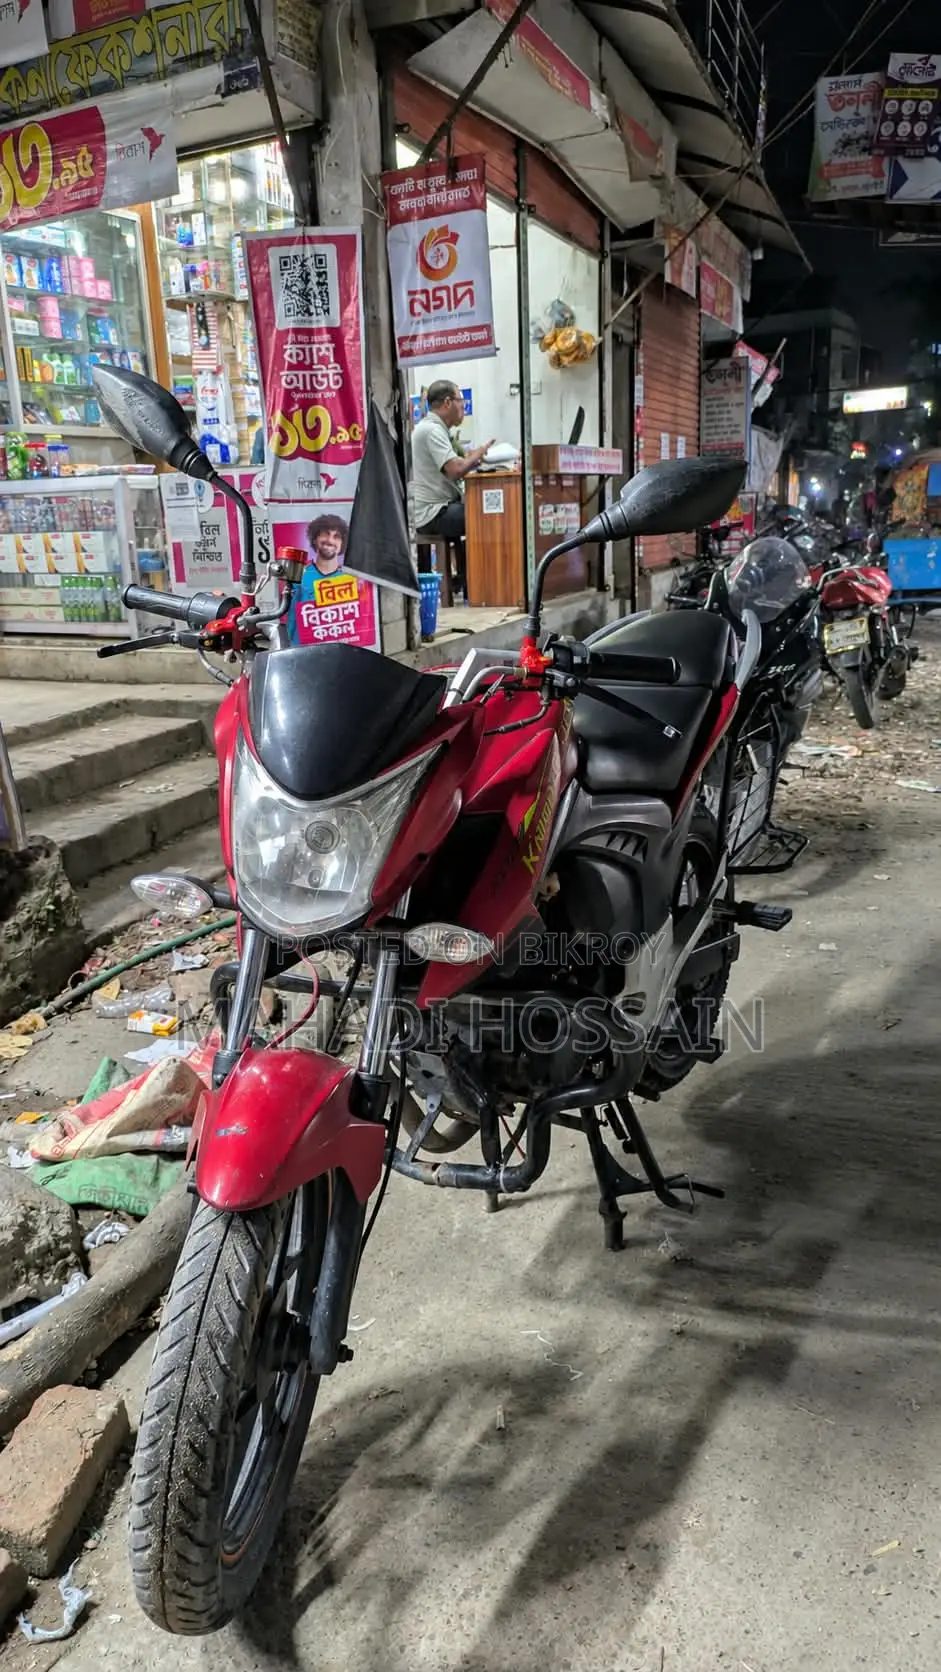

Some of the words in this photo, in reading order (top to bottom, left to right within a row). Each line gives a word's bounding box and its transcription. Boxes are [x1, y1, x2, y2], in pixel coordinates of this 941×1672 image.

[407, 280, 475, 318] নগদ
[283, 342, 336, 366] ক্যাশ
[280, 363, 344, 390] আউট
[318, 579, 355, 603] বিল
[301, 601, 360, 628] বিকাশ

## What you have to do
Repeat each entry exactly as it appears; skip any picture.

## Answer section
Some of the words in this photo, in reading order (top to bottom, left to right within a row). Each line gives a word's bounding box and its transcription. Boxes are [x1, y1, x2, y2], in pixel coordinates of this 941×1672 image.

[407, 280, 475, 318] নগদ
[283, 342, 336, 366] ক্যাশ
[280, 363, 344, 390] আউট
[318, 579, 355, 603] বিল
[301, 601, 360, 628] বিকাশ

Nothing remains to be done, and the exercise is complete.